In the visual agnosias, there is loss or impairment of the ability to recognize things visually, despite intact vision (psychic blindness or mindblindness). Areas 18 and 19 are particularly important for visual gnostic functions. Visual agnosia is not a sensory defect but a problem in recognition. There is impairment in the higher visual association processes necessary for recognition and naming, not explicable by any deficit in visual perception. Patients can see but cannot make sense of the visual world.
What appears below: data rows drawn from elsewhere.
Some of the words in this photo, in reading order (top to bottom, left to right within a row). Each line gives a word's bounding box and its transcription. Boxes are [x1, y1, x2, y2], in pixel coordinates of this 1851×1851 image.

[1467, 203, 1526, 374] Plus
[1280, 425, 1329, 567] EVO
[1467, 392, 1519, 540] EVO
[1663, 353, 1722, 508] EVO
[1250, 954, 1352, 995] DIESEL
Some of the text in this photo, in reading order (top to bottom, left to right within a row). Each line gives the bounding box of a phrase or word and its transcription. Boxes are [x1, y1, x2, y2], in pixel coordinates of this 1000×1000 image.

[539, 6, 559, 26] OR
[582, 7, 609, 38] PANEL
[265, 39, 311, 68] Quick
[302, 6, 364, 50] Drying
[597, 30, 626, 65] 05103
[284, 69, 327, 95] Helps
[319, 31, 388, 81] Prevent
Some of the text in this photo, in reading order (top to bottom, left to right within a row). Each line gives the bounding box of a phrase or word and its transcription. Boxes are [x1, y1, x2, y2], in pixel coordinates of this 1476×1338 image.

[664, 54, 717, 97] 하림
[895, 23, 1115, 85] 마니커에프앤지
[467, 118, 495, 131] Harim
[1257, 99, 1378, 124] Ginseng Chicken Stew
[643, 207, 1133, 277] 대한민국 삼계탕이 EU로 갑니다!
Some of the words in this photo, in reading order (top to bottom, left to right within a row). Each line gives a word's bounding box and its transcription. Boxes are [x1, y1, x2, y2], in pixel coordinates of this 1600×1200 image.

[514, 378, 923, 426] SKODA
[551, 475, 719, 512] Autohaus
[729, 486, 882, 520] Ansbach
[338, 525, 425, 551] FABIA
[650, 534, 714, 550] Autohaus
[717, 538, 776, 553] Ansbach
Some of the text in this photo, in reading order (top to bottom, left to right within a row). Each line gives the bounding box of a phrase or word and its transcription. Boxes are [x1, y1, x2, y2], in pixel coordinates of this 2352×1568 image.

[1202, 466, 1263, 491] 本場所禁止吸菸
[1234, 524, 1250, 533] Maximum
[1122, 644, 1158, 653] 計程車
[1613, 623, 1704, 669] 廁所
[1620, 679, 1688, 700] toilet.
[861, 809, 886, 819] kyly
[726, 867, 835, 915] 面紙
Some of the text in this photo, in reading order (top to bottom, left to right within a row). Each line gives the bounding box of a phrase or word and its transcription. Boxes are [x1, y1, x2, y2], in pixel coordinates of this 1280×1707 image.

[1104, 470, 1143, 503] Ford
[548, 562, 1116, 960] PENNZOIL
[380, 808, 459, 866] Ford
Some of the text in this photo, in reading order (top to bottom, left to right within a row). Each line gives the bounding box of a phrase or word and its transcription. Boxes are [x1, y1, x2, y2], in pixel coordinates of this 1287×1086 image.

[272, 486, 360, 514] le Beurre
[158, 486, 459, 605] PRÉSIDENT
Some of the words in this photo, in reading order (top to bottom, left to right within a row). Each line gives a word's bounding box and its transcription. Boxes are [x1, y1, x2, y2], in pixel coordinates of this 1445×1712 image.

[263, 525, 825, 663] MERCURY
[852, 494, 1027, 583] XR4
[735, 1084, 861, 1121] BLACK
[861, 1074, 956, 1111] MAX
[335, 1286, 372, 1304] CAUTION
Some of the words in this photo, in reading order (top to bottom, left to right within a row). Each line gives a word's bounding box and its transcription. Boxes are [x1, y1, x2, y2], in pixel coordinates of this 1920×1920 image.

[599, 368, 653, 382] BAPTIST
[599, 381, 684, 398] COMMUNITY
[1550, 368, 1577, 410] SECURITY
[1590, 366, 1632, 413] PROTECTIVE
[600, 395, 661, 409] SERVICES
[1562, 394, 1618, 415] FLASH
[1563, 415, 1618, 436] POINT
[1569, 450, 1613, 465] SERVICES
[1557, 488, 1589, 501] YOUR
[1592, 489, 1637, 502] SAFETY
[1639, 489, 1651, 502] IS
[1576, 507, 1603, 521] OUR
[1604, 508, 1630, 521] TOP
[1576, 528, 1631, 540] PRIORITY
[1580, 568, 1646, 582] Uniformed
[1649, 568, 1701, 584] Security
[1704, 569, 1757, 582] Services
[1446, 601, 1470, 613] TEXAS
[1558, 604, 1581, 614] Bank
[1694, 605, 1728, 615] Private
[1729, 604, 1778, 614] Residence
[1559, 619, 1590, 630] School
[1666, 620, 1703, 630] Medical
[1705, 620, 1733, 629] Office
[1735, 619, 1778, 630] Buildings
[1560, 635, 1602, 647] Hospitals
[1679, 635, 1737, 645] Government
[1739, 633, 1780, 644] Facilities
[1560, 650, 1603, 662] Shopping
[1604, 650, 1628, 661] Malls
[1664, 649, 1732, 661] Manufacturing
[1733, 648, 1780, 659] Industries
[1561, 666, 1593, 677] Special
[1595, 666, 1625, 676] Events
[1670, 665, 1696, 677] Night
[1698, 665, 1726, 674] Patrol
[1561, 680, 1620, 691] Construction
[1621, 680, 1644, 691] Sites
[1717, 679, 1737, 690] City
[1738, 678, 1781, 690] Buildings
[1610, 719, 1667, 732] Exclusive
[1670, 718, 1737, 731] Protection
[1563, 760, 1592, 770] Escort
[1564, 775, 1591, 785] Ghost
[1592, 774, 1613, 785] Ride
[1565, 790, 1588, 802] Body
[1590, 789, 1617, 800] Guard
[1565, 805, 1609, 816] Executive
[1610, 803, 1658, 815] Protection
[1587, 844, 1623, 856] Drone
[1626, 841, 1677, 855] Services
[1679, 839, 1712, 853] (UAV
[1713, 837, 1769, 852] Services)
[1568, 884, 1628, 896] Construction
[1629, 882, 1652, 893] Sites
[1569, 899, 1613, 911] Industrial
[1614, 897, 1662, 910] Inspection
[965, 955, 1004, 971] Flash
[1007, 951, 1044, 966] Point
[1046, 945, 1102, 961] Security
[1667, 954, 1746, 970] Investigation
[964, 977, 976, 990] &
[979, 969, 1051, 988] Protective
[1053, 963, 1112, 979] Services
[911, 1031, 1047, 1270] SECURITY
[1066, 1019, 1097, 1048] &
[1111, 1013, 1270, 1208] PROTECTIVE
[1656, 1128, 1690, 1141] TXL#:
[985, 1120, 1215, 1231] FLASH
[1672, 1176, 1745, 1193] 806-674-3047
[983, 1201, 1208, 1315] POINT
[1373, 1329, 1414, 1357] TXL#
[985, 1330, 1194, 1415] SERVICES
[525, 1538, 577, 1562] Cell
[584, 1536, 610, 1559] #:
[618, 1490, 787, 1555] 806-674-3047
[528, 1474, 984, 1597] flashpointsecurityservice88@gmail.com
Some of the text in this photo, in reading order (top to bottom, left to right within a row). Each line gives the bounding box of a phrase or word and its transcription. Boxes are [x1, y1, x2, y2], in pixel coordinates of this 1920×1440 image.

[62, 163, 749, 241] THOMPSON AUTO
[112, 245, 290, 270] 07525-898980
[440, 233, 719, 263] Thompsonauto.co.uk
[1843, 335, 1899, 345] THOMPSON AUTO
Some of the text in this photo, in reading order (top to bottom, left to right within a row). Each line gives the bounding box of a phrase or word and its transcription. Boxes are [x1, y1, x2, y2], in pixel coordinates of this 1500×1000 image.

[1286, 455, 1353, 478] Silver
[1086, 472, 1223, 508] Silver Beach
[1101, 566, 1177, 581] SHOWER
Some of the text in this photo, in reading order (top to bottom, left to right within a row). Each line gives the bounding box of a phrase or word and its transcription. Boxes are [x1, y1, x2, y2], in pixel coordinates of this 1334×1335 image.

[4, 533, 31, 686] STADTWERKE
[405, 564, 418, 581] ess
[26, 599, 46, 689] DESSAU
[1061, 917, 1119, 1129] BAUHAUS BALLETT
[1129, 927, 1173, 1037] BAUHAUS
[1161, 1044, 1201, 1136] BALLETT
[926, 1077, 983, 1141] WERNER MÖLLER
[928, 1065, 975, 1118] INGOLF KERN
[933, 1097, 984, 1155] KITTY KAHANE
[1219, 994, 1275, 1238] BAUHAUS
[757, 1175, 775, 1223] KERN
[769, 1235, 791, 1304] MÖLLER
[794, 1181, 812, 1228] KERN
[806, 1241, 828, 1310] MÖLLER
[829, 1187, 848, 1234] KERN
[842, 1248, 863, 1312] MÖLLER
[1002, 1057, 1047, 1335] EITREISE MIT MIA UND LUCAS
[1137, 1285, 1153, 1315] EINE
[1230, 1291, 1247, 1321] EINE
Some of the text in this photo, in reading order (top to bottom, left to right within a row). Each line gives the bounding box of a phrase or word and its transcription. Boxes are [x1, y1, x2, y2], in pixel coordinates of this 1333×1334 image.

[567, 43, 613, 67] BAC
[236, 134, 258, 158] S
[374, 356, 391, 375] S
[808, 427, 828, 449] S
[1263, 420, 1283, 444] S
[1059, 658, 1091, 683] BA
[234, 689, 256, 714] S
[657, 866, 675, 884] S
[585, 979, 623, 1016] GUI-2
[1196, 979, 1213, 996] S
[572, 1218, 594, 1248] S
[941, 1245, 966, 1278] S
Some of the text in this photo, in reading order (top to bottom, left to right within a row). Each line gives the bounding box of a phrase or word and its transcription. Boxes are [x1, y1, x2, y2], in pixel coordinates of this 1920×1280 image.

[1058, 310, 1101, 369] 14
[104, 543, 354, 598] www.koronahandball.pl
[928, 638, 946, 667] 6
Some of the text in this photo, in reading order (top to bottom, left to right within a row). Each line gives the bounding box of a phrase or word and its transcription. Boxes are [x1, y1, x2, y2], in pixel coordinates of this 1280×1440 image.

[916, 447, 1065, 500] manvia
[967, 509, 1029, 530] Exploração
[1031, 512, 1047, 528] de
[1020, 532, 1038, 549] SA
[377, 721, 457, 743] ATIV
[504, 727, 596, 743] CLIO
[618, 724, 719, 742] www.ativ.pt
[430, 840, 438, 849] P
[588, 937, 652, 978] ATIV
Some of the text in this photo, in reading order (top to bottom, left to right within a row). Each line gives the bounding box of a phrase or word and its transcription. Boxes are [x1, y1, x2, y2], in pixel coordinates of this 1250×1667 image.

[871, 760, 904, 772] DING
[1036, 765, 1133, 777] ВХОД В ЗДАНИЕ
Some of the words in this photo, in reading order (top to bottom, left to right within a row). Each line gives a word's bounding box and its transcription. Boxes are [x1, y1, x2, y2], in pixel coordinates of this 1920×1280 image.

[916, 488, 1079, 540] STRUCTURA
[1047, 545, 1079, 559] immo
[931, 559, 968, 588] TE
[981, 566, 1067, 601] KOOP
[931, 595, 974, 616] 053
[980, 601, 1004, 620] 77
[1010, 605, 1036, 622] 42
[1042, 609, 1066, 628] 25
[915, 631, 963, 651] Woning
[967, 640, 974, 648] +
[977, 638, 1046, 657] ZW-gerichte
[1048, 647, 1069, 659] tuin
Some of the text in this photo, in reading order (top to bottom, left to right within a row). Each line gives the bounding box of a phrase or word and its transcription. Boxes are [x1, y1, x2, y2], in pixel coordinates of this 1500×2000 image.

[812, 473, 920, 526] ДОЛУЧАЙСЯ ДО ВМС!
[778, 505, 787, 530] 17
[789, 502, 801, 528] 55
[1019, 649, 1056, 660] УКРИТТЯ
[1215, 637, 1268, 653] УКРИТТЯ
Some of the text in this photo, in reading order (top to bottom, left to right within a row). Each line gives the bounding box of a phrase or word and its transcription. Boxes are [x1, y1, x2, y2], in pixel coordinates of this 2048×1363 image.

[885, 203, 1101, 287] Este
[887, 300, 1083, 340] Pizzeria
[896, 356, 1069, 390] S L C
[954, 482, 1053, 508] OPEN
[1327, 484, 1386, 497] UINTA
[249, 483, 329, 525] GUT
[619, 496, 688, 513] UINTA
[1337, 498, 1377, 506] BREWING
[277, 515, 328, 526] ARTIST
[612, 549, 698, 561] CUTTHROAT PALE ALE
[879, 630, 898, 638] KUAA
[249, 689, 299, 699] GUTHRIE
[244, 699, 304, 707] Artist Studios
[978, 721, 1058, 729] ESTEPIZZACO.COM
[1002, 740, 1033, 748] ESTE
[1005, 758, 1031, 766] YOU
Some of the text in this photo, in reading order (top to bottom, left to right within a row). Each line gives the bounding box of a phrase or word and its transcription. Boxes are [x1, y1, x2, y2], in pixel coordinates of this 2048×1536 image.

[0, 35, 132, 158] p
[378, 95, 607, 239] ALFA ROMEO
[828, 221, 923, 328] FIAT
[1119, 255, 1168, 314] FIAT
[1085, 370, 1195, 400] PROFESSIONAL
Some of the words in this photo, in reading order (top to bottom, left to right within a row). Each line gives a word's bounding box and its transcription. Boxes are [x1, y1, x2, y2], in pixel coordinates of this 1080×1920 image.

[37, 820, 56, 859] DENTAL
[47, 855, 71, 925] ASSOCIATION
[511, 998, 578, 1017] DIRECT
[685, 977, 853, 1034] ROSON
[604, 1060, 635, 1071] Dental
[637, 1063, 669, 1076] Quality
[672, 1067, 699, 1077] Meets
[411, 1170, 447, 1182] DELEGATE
Teuber said visual agnosia was a “percept stripped of its meaning.” Oliver Sacks provided an entertaining and informative description of the clinical picture of visual agnosia in The Man Who Mistook His Wife For a Hat (Touchstone Books, 1985).
Some occipital lobe lesions, particularly of the primary visual cortex, cause color blindness (central achromatopsia). Lesions of the association areas may cause color agnosia. In color agnosia, the patient cannot name or identify colors, although he is not color blind and can discern the numbers on color plates. Patients may not be able to remember the color of common things, e.g., the sky. In prosopagnosia (face or facial agnosia, face blindness), there is an inability to recognize familiar faces. The patient may not be able to identify people by looking at their faces, even close family members, but may immediately identify the person by the sound of their voice. The patient may recognize a face as a face but cannot associate it with a particular individual. They learn to identify people using other cues. In extreme examples, the patient is unable to recognize himself in a mirror or photograph. Patients with prosopagnosia, and other visual agnosias, usually have bilateral lesions of the occipitotemporal area involving the lingual, fusiform, and parahippocampal gyri. Prosopagnosia can occur with unilateral right posterior hemispheric lesions.